> Records for the task:

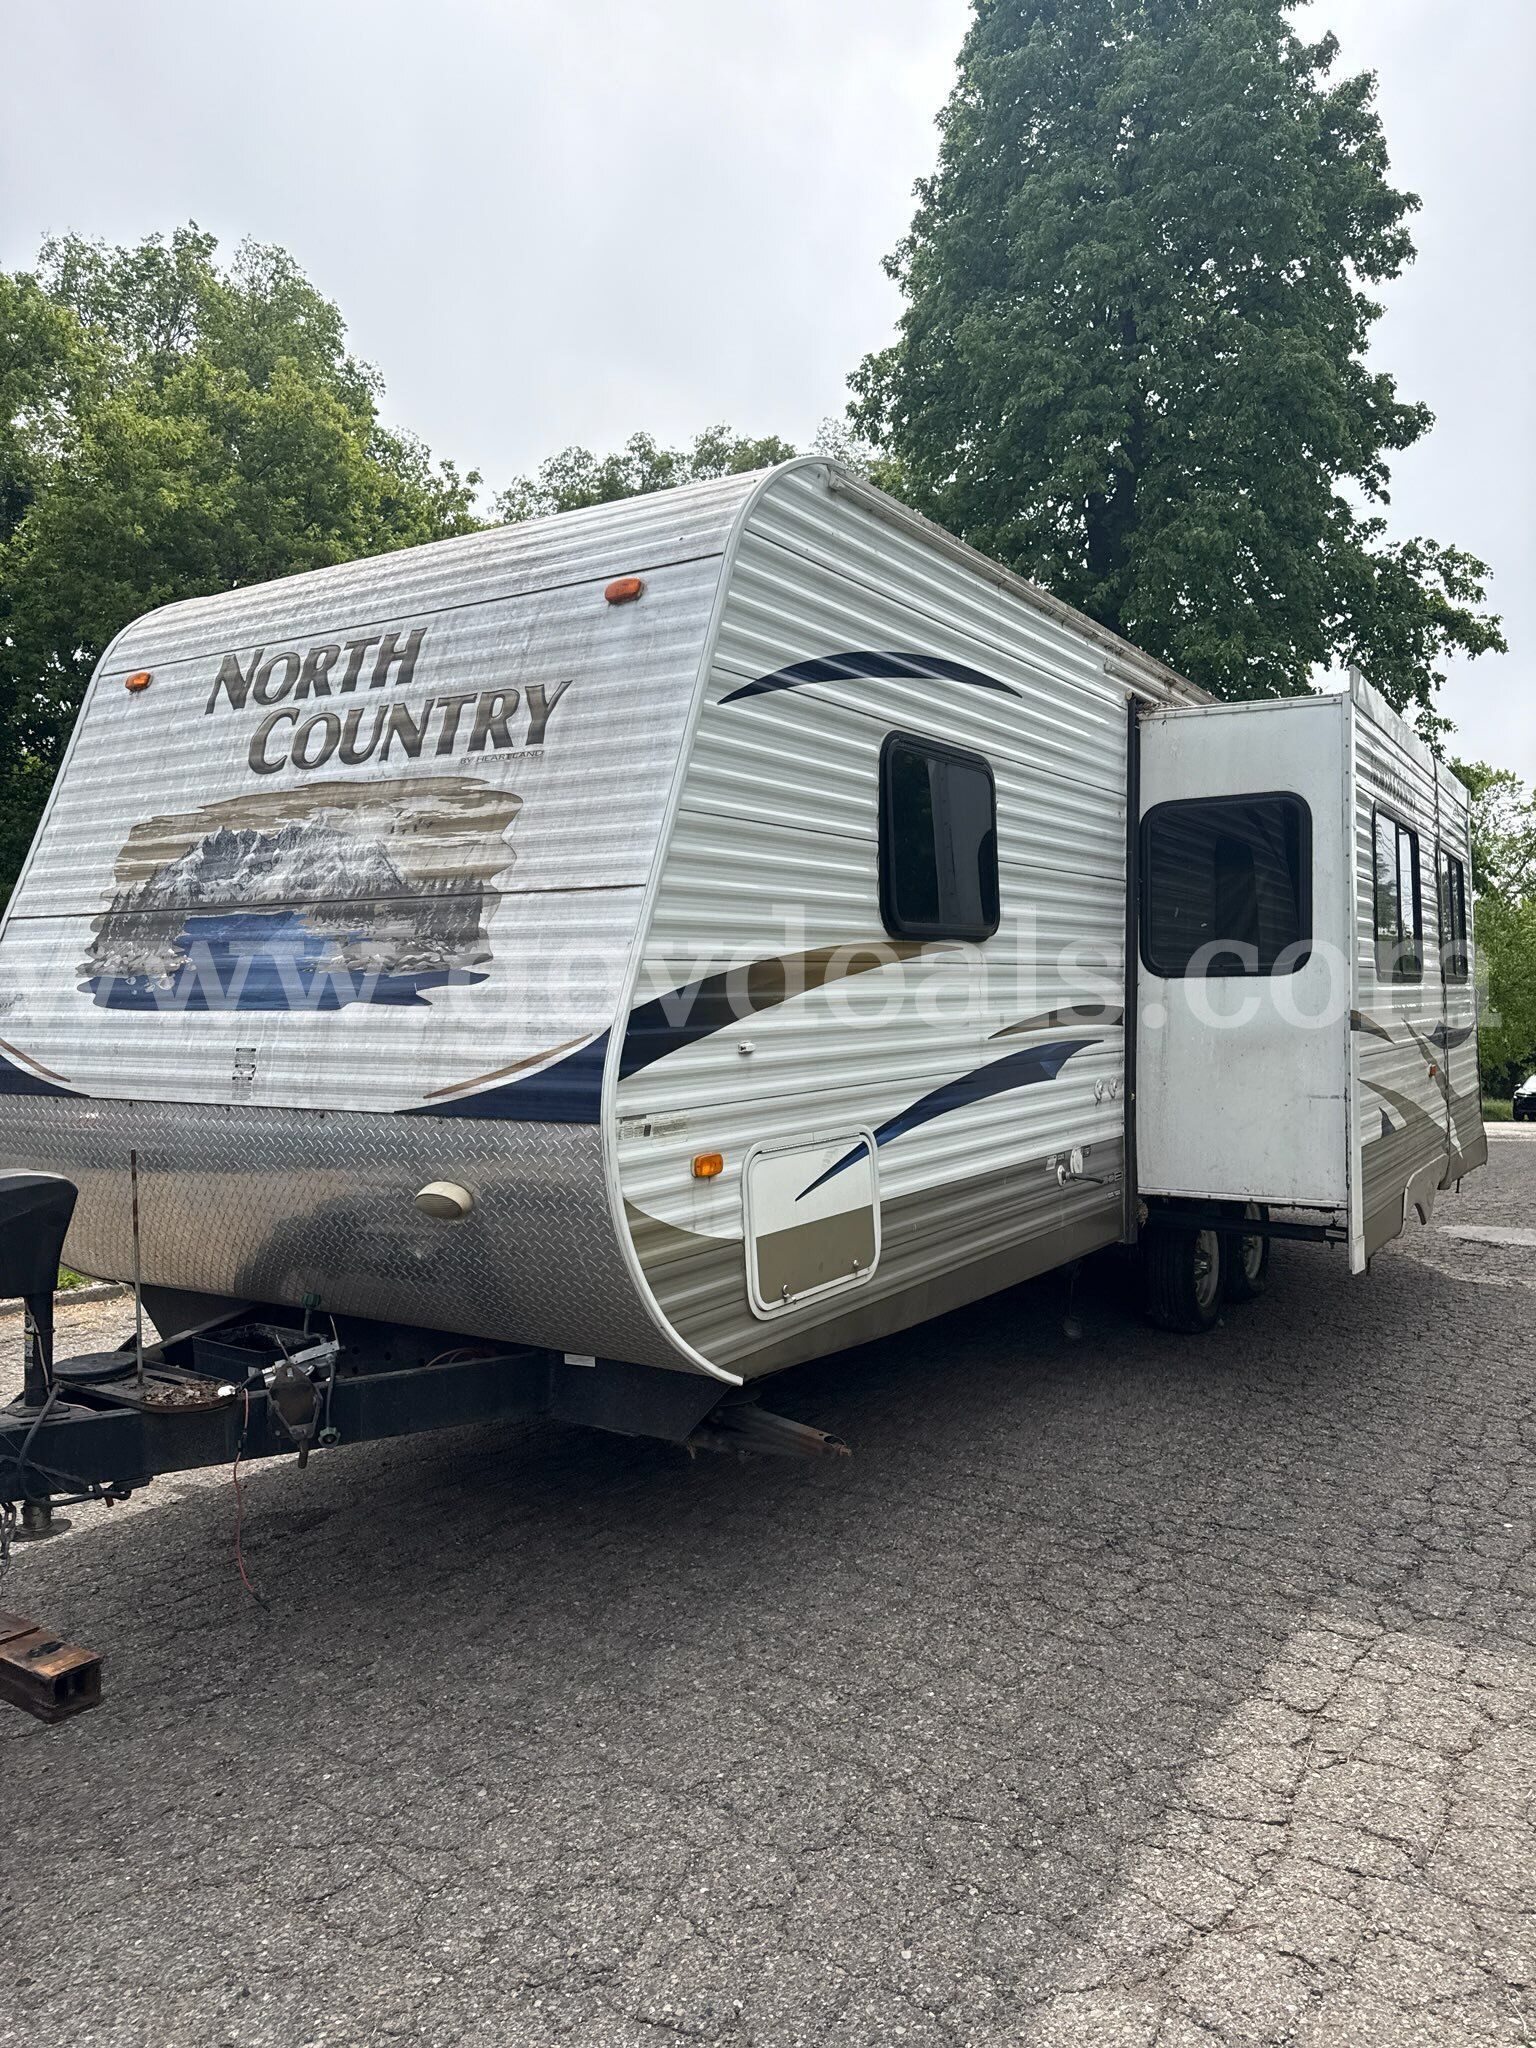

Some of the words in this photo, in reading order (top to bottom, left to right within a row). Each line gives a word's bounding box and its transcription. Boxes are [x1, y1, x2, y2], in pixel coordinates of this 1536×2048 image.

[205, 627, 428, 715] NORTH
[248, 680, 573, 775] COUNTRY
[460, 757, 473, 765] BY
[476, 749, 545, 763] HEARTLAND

> Activity: Can you retype every record above exactly, leaving out the pictures?

> Task answer:
Some of the words in this photo, in reading order (top to bottom, left to right within a row). Each line gives a word's bounding box and its transcription. Boxes are [x1, y1, x2, y2], in pixel coordinates of this 1536×2048 image.

[205, 627, 428, 715] NORTH
[248, 680, 573, 775] COUNTRY
[460, 757, 473, 765] BY
[476, 749, 545, 763] HEARTLAND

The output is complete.